## Your task
Retype the whole listing verbatim and keep the pictures out of it.

## Material shown

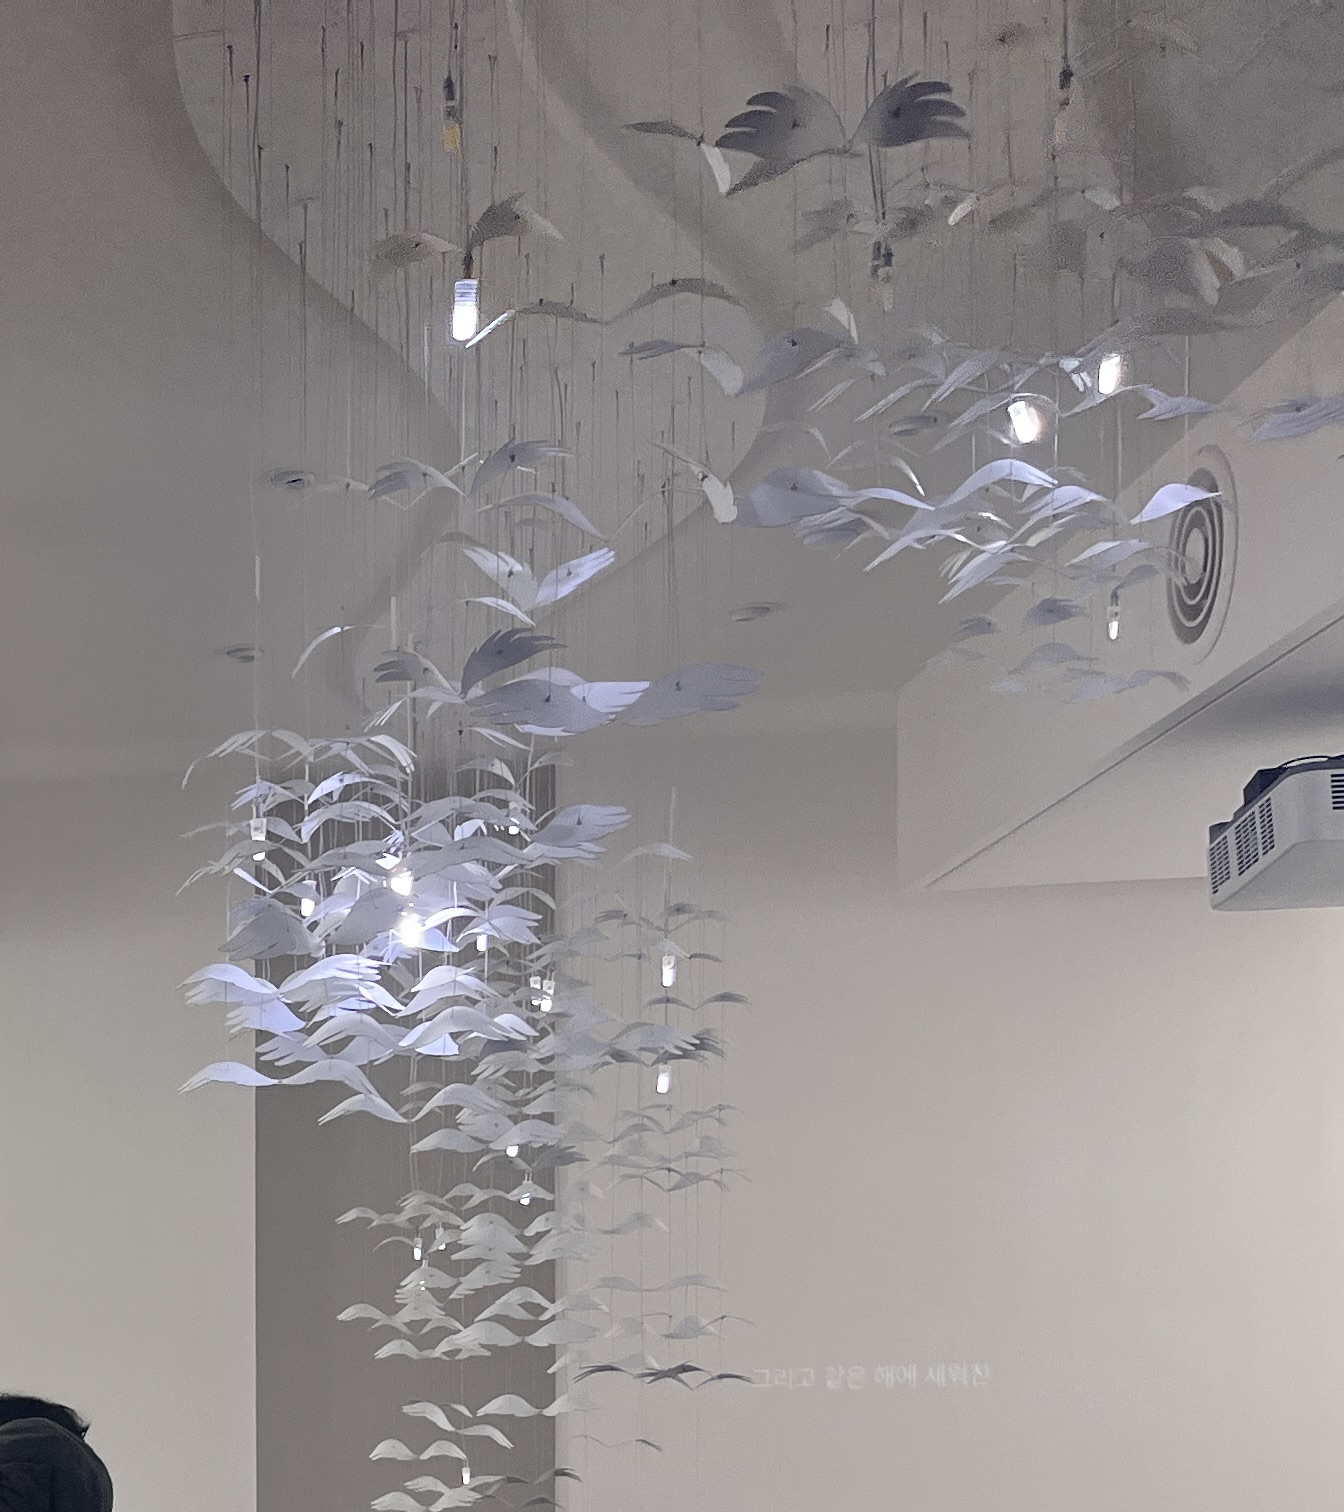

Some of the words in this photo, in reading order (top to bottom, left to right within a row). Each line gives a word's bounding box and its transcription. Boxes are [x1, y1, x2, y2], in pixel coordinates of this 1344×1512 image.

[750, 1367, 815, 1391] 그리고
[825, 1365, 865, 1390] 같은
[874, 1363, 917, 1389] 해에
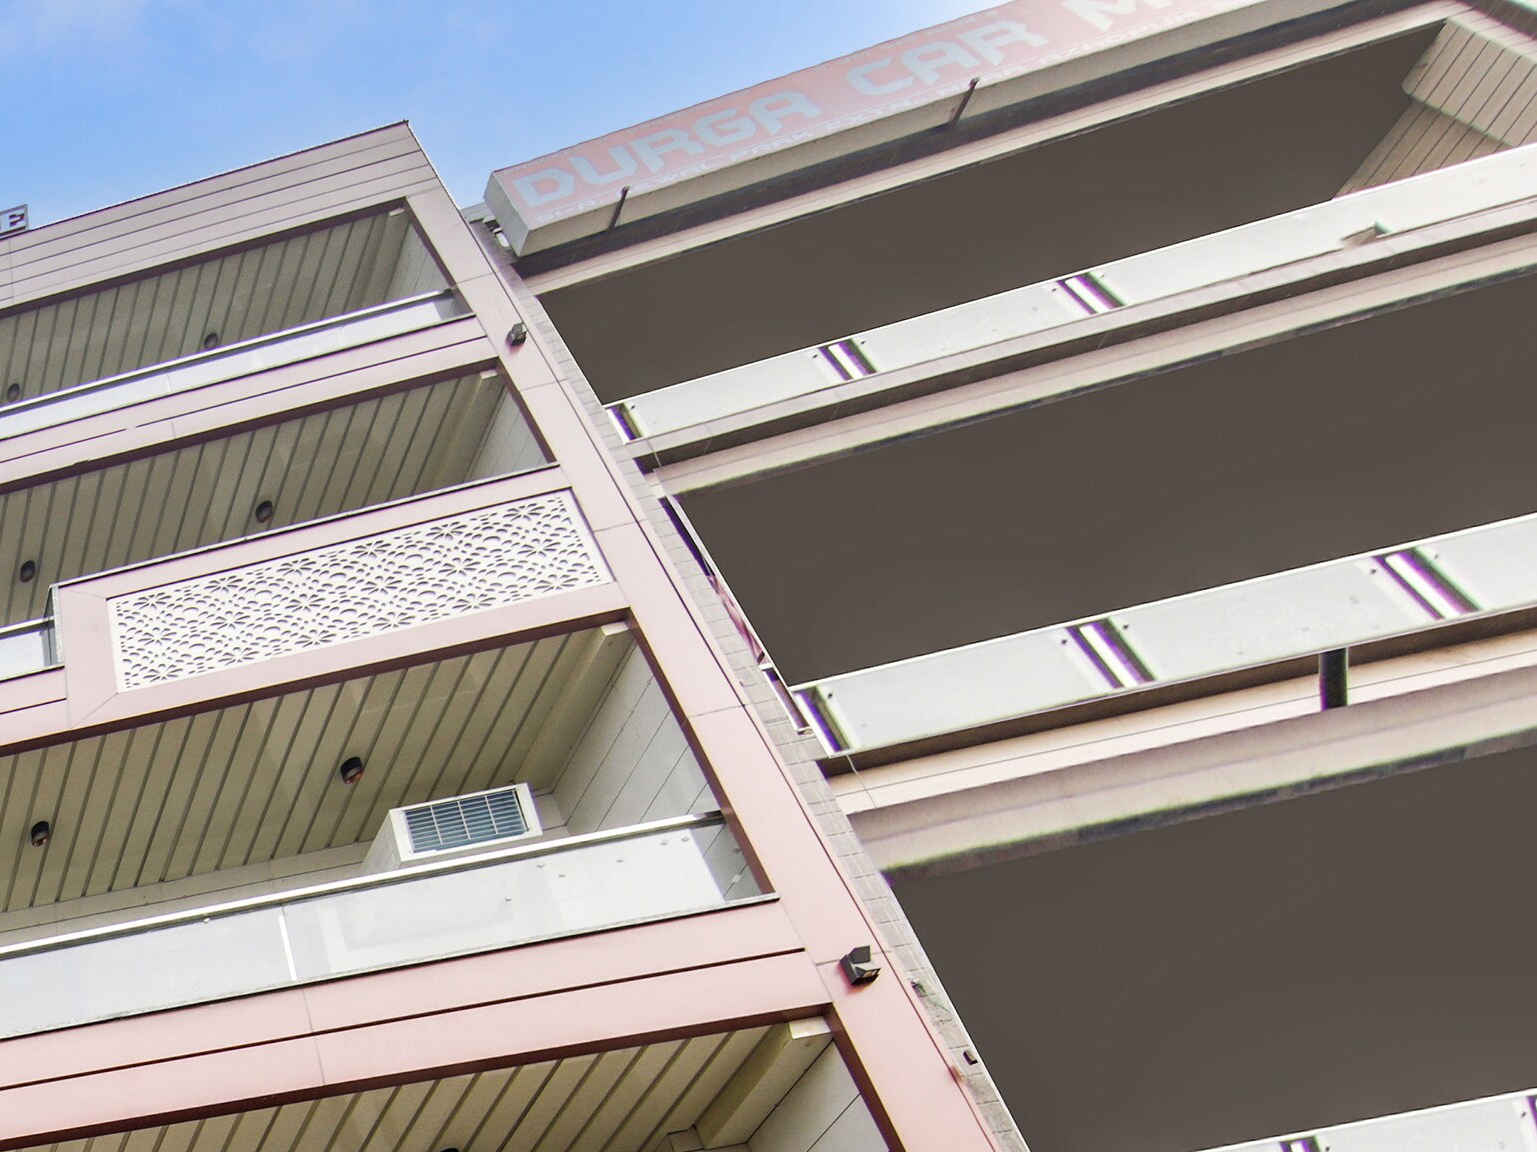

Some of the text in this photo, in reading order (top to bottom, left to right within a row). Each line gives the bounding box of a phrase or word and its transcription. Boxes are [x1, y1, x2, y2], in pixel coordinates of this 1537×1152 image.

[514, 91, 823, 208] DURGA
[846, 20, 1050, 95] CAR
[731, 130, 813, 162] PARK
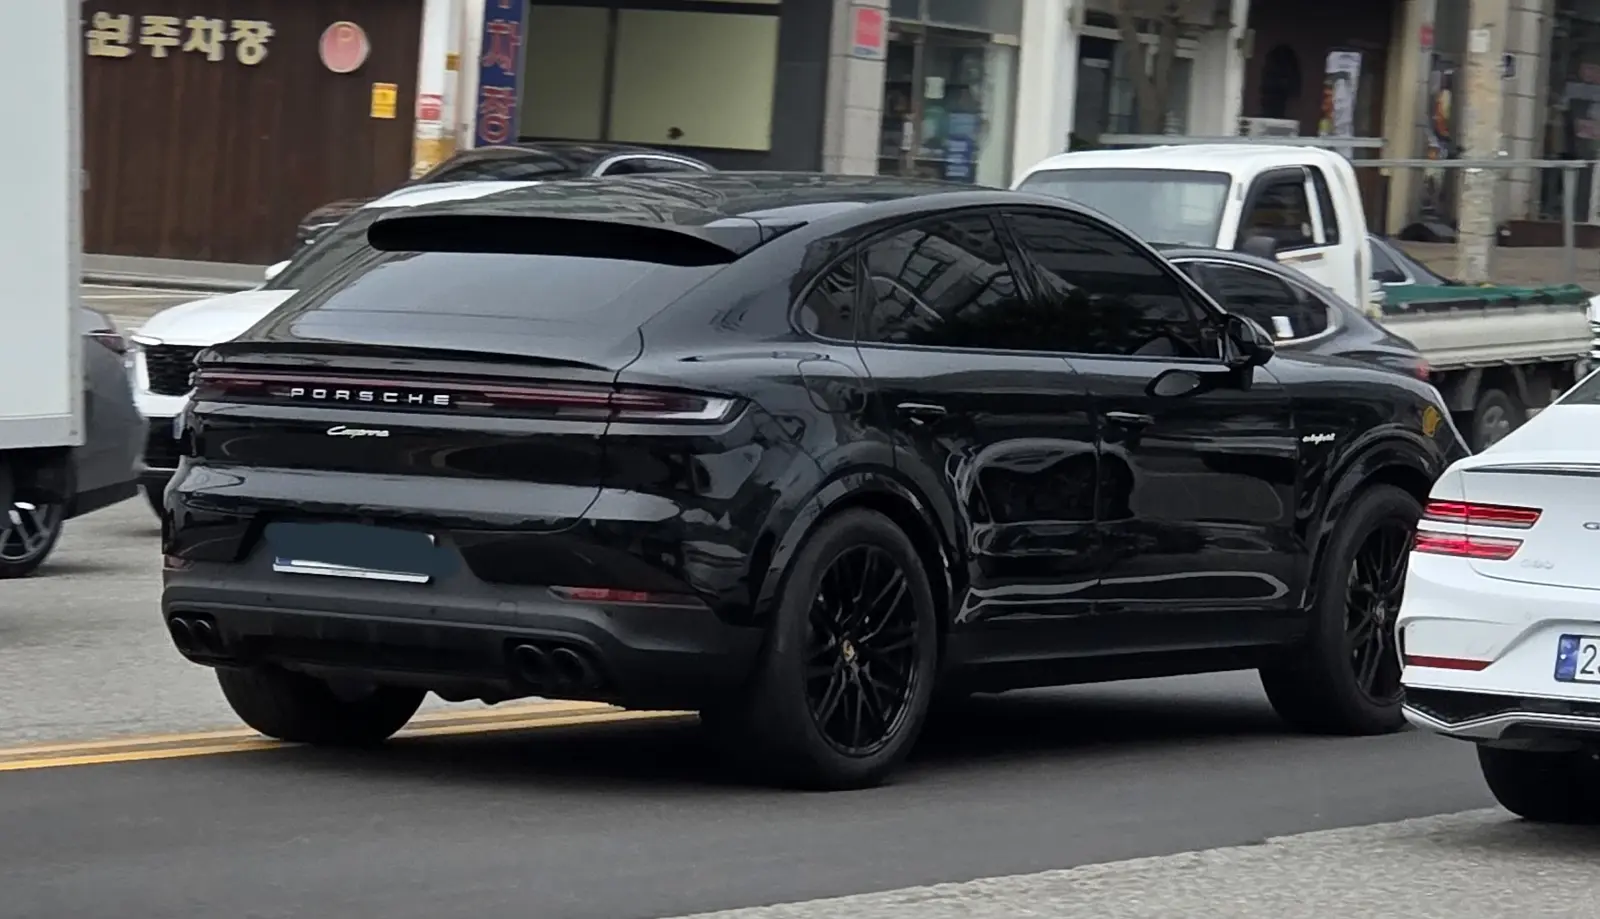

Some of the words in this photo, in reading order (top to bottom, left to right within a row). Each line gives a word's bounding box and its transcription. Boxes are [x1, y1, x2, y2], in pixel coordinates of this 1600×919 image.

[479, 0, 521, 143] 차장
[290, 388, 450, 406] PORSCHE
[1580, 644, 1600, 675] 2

## Expected answer
Some of the words in this photo, in reading order (top to bottom, left to right within a row). Each line gives a word's bounding box and its transcription. Boxes are [x1, y1, x2, y2], in pixel coordinates of this 1344×1512 image.

[750, 1367, 815, 1391] 그리고
[825, 1365, 865, 1390] 같은
[874, 1363, 917, 1389] 해에

Some of the text in this photo, in reading order (top to bottom, left to right within a row). Each line gives the bounding box of a phrase or word and its transcription. Boxes are [x1, y1, x2, y2], in pixel coordinates of this 1537×1152 image.

[514, 91, 823, 208] DURGA
[846, 20, 1050, 95] CAR
[731, 130, 813, 162] PARK

Some of the words in this photo, in reading order (top to bottom, left to right within a row). Each line gives a word's bounding box and its transcription. Boxes are [x1, y1, x2, y2], in pixel coordinates of this 1600×919 image.

[479, 0, 521, 143] 차장
[290, 388, 450, 406] PORSCHE
[1580, 644, 1600, 675] 2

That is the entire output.